What is expected — Please transcribe the lines below exactly, and leave every image behind.

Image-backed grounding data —
• • •

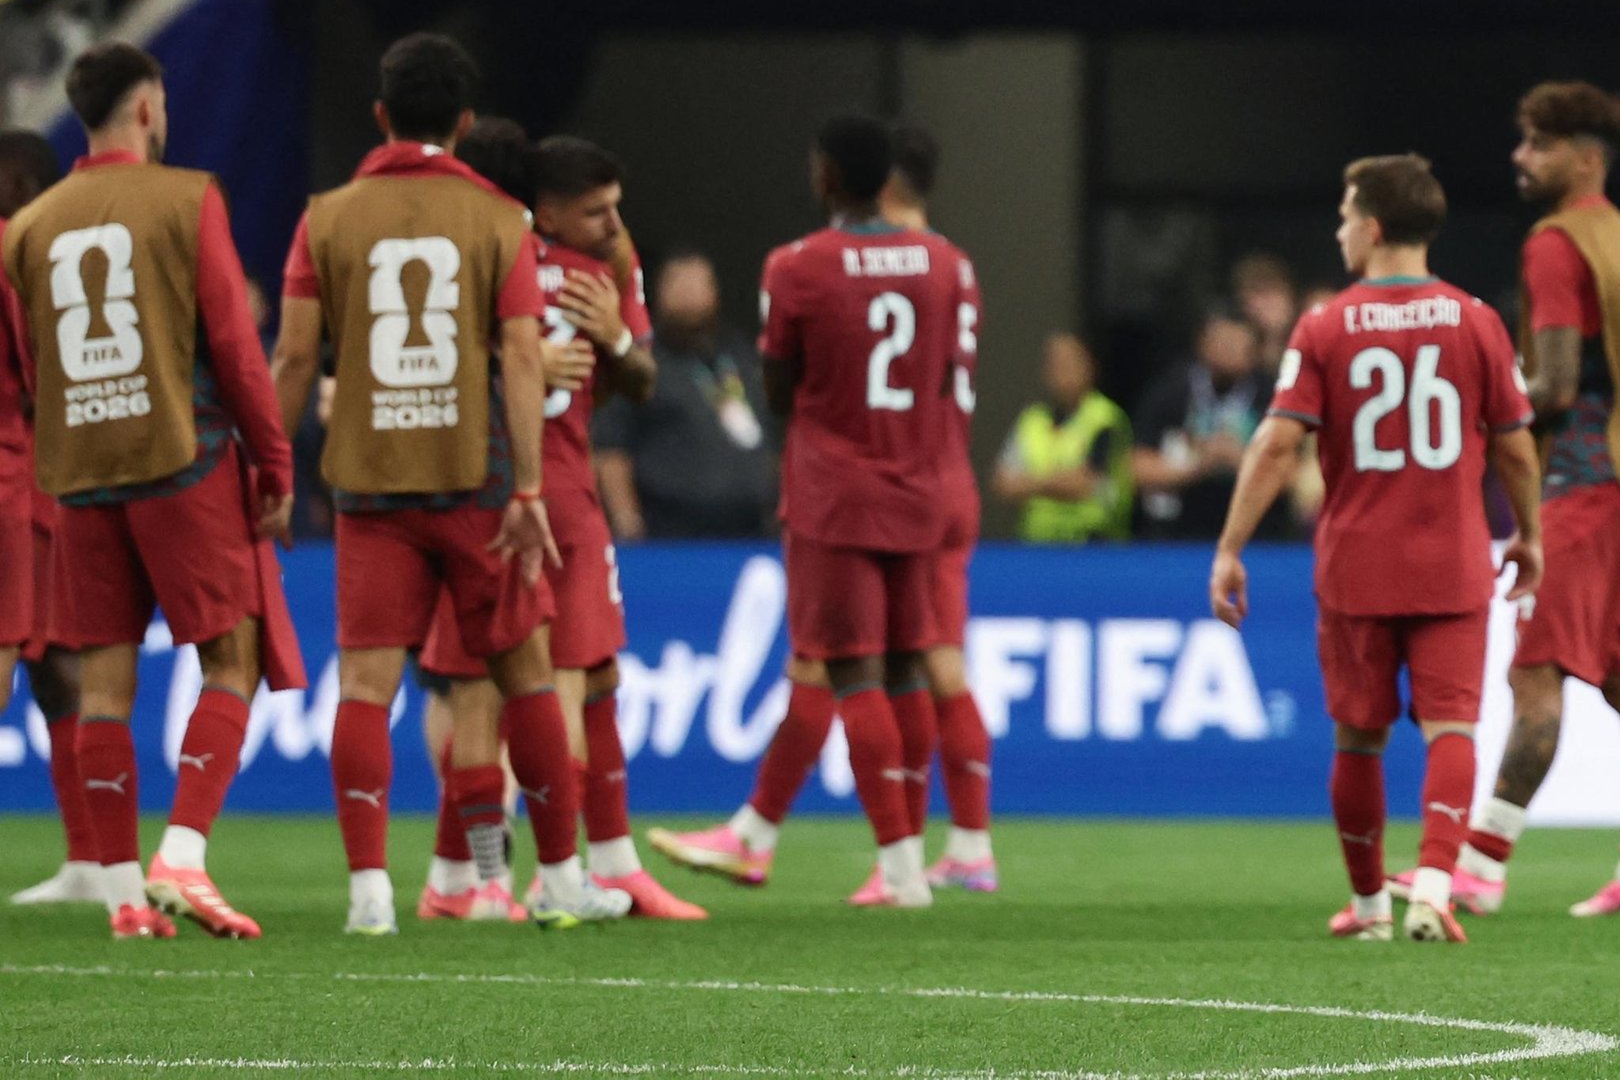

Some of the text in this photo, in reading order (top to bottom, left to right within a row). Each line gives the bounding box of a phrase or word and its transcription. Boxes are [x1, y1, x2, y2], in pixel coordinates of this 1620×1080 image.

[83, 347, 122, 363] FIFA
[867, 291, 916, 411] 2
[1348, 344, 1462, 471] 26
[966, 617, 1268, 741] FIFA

• • •

Reply —
Some of the text in this photo, in reading order (top to bottom, left to right within a row). Each line gives the bounding box of a phrase or word and its transcription. Boxes are [x1, y1, x2, y2], in pixel coordinates of this 1620×1080 image.

[83, 347, 122, 363] FIFA
[867, 291, 916, 411] 2
[1348, 344, 1462, 471] 26
[966, 617, 1268, 741] FIFA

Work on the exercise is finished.